Input B is recorded via both input A and Input C (i.e., accelerometer) in PowerLab.

Figure A5: Input B is recorded via both input A and Input C (i.e., accelerometer) in PowerLab.

The dashed line (A) shows that Input A (i.e., the microphone) is recording the sound emitted from Input B (i.e., the button press). The dashed line (B) indicates that Input C, which is the accelerometer, records activity of Input B. The dashed lines (C and D) show Input A and Input C are recorded in PowerLab simultaneously. The results show that a button press recorded through an accelerometer and the sound emitted from it had less than 1 ms timing difference in PowerLab.

Conclusion

To calibrate the two response modalities, we subtracted 8.4 ms of the button presses to make them comparable to vocalizations. Moreover, to adjust for the time delay between when a response was given and the time that response was registered in presentation, we subtracted 67.43 ms from both vocalizations and finger taps.

Appendix B. Comparison of the Horse Race Model with the Current Study’s Task

Graphical representation of the independent horse-race model and the current study’s task.

Figure A6: Graphical representation of the independent horse-race model and the current study’s task.

(A) Graphical representation of the traditional stop-signal task (Logan & Cowan, 1984).
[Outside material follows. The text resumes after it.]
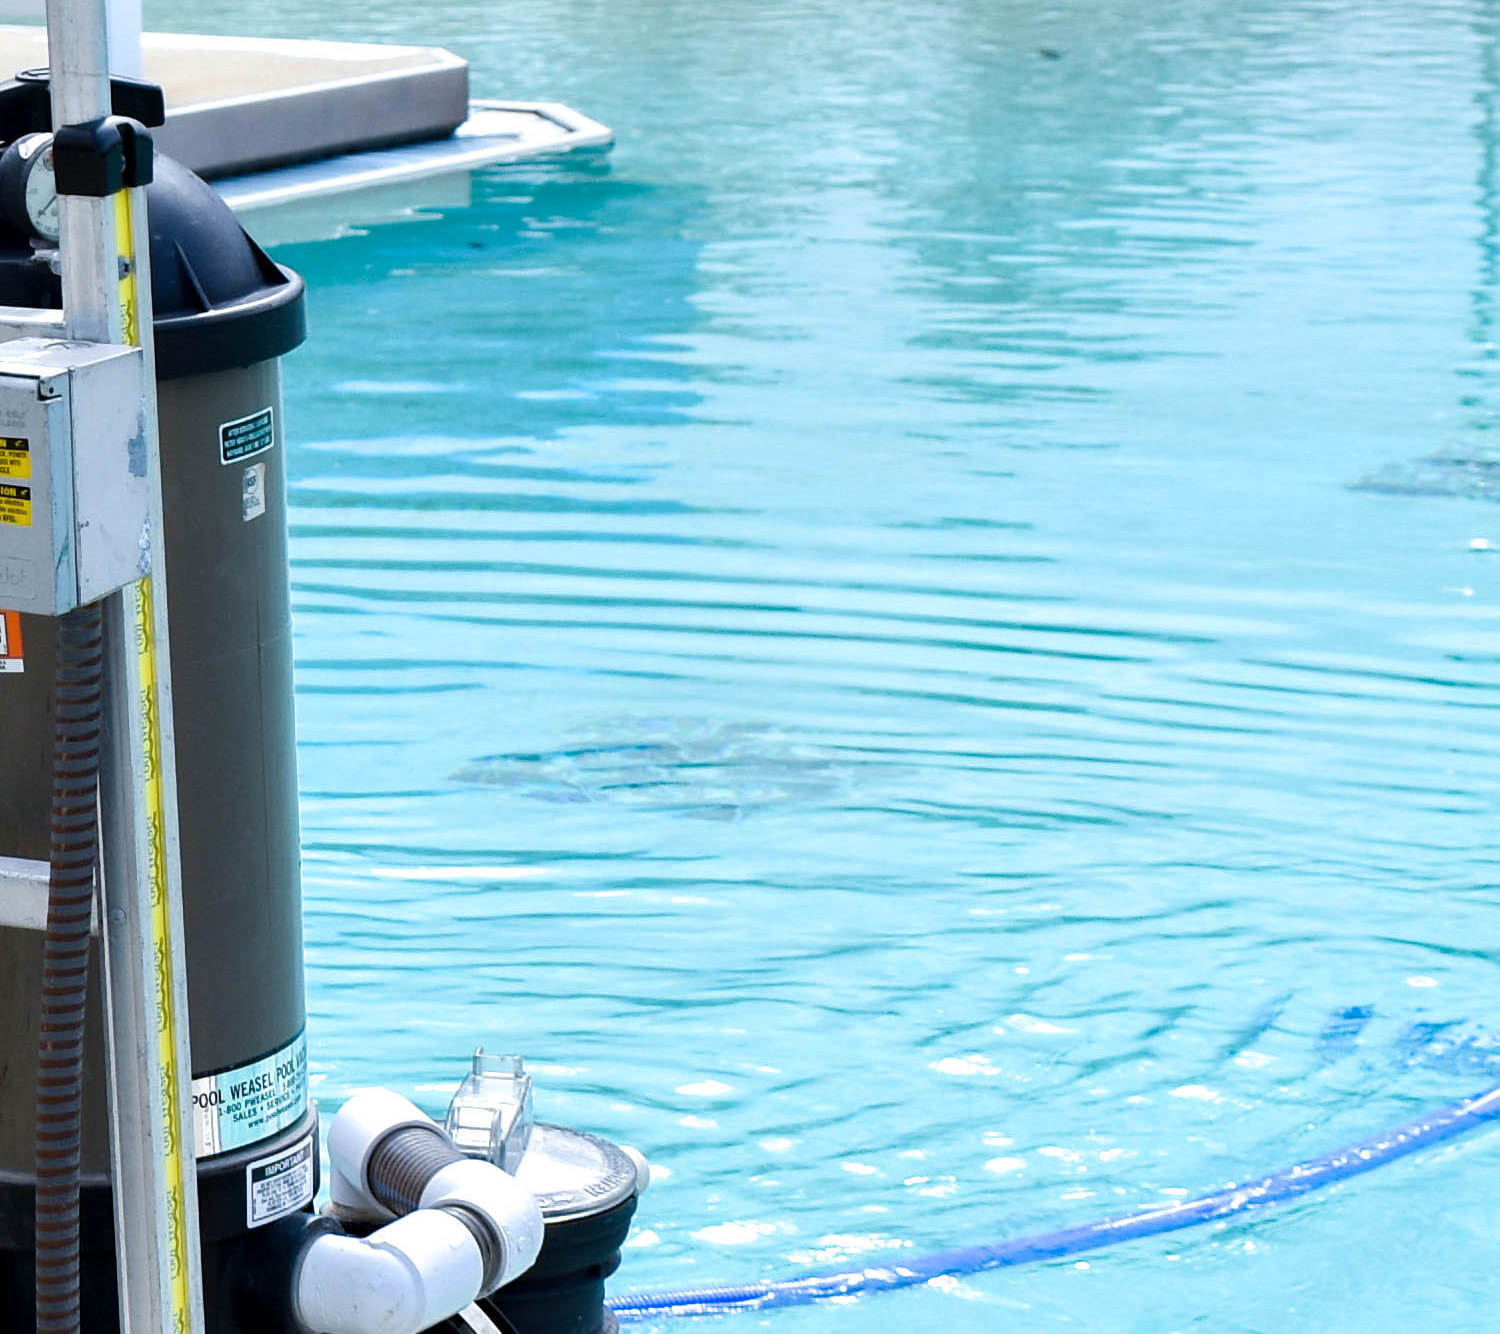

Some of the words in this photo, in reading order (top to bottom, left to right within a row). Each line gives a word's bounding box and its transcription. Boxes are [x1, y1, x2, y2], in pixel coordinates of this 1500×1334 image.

The graph shows that a go signal triggers a go-response while a stop signal triggers withholding of the go-response. The responses are a reaction time, which are considered the end of the go-response. The area under the curve to the left of the dashed line represents probability of responding in stop trials [p(respond)] or unsuccessful stopping. (B) Variables of the stop signal task combined with a synchronization task. In this task, there is no go signal, but a virtual go signal is estimated that must trigger the initiation of the synchronized response. It is inserted post hoc to allow calculation of the SSRT. A stop signal triggers withholding of the go-response. Synchronized responses consisted of finger taps or a vocalization. These are considered the end of the go.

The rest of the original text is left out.